• **Description of the task**: Retype the data below exactly, skipping pictures.

• **Dataset**:
....

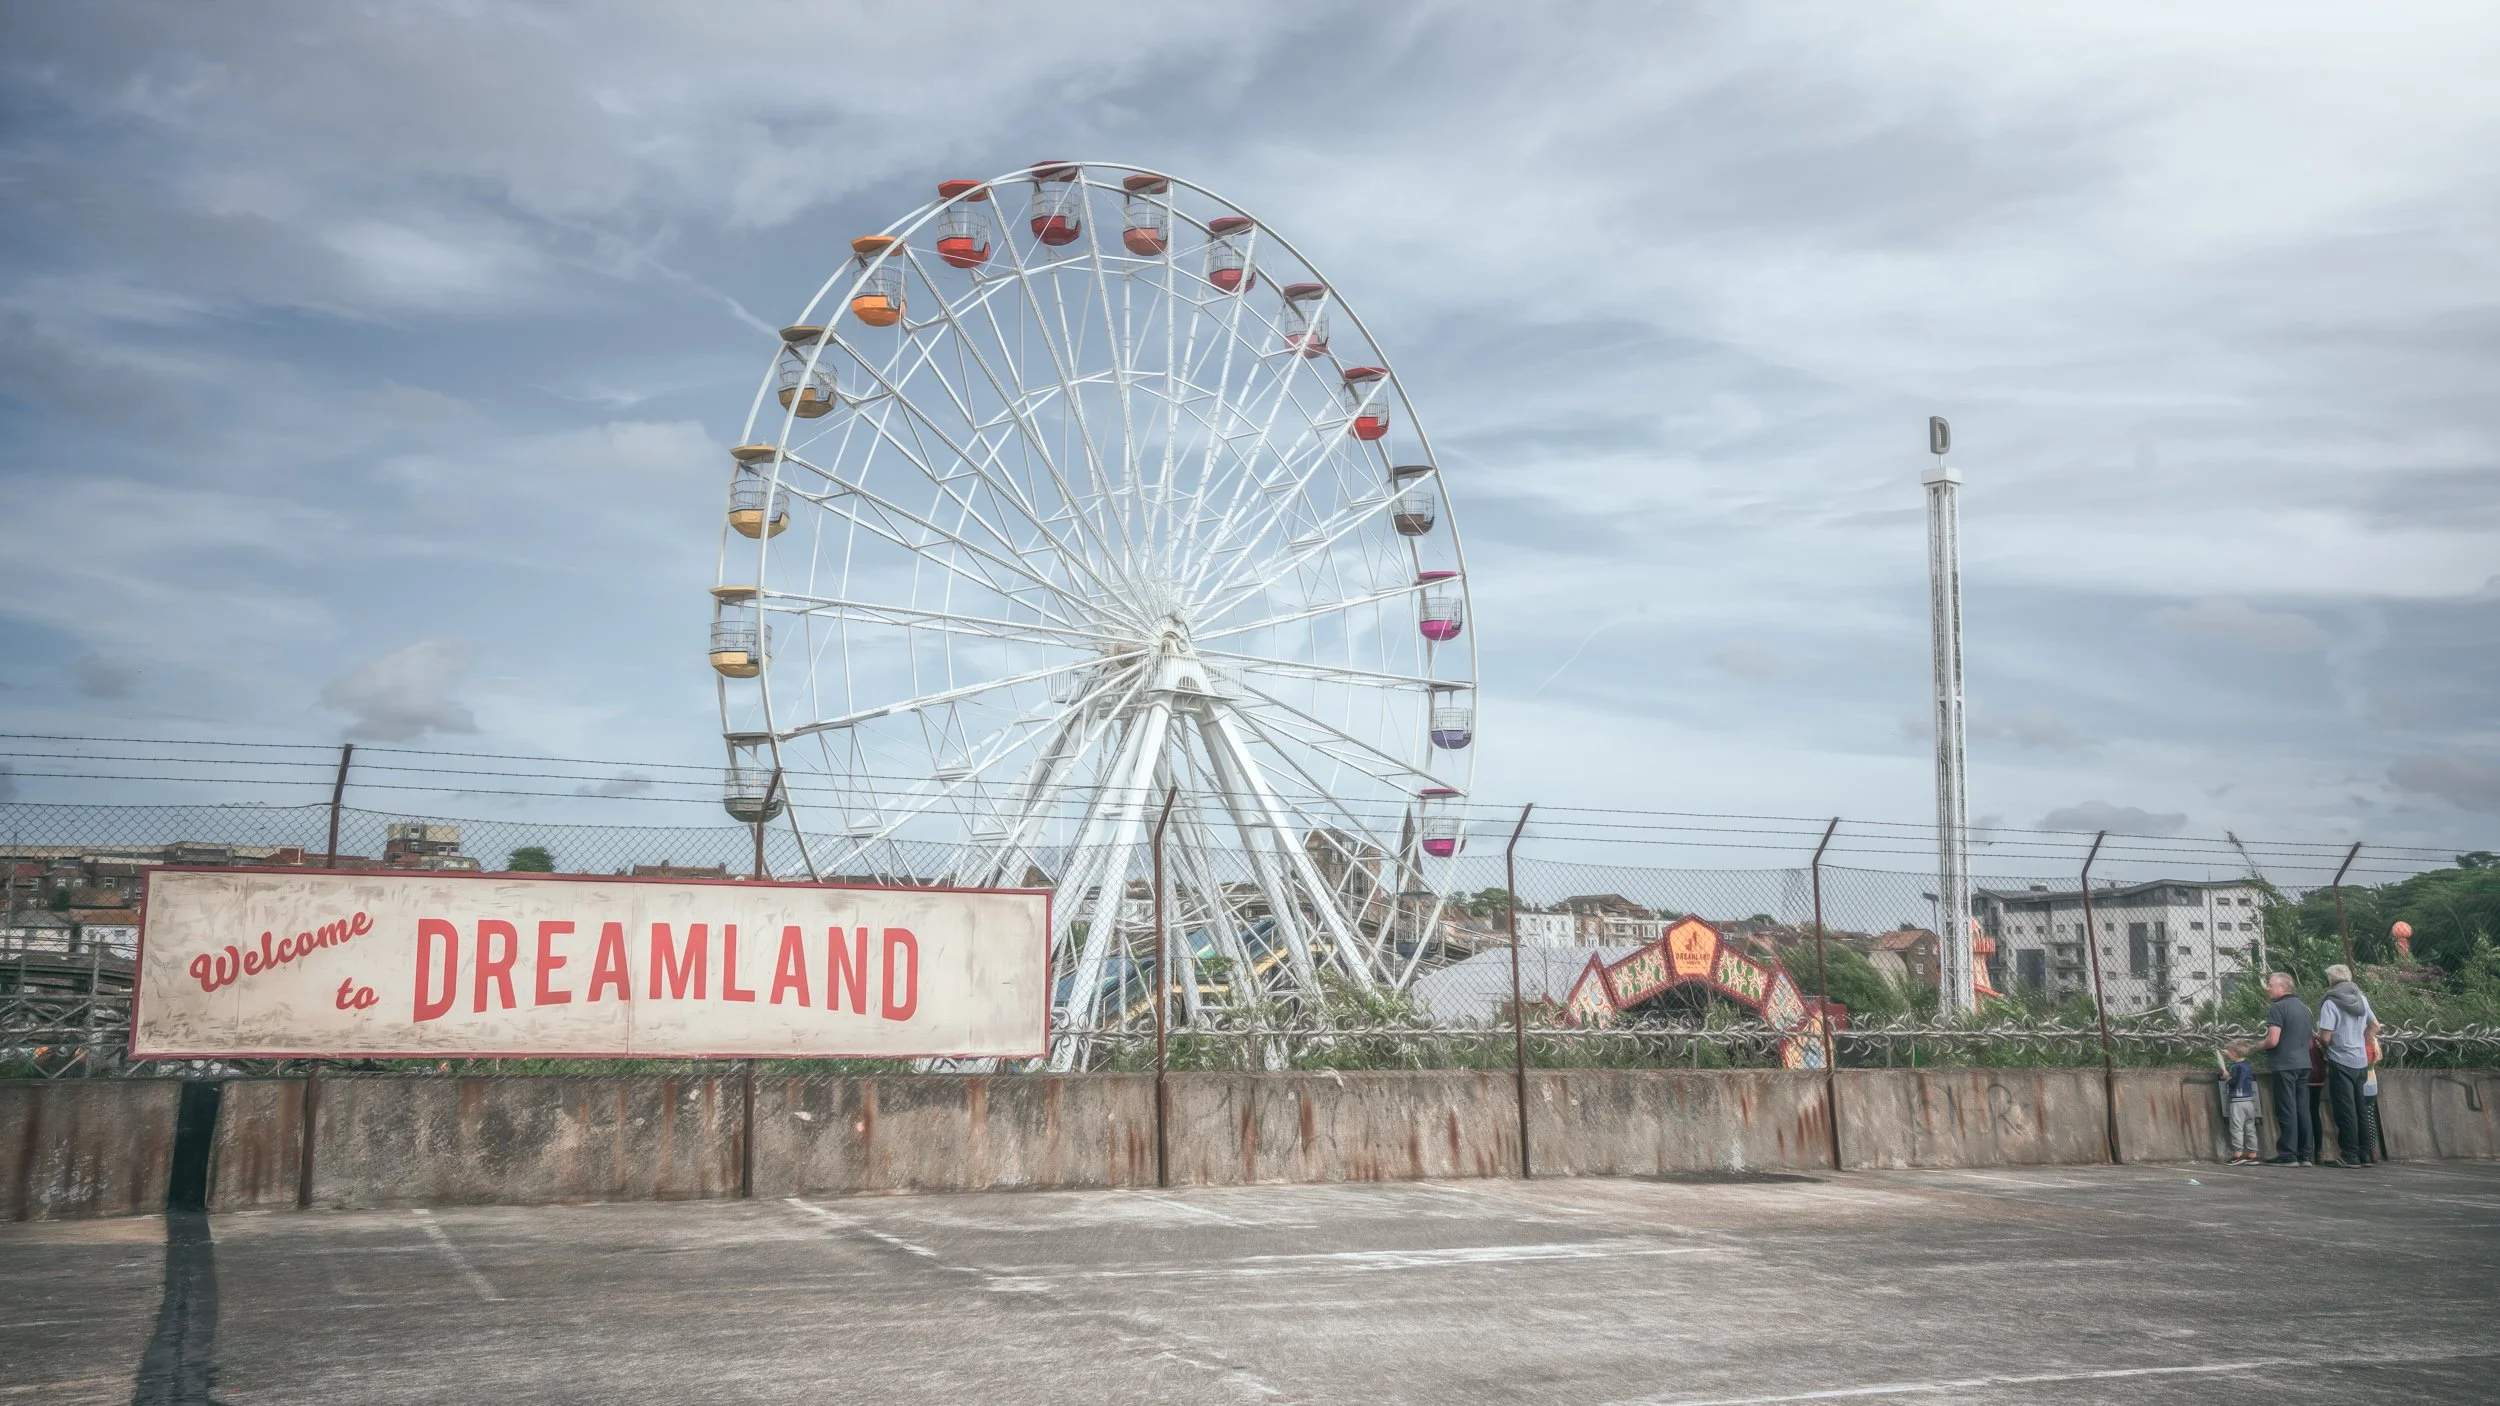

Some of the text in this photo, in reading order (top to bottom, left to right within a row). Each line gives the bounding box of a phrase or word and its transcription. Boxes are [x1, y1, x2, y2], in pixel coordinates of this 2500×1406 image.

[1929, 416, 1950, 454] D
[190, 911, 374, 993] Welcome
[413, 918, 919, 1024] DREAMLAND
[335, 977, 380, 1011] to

....

• **Response area**:
Some of the text in this photo, in reading order (top to bottom, left to right within a row). Each line gives the bounding box of a phrase or word and its transcription. Boxes are [x1, y1, x2, y2], in pixel coordinates of this 2500×1406 image.

[1929, 416, 1950, 454] D
[190, 911, 374, 993] Welcome
[413, 918, 919, 1024] DREAMLAND
[335, 977, 380, 1011] to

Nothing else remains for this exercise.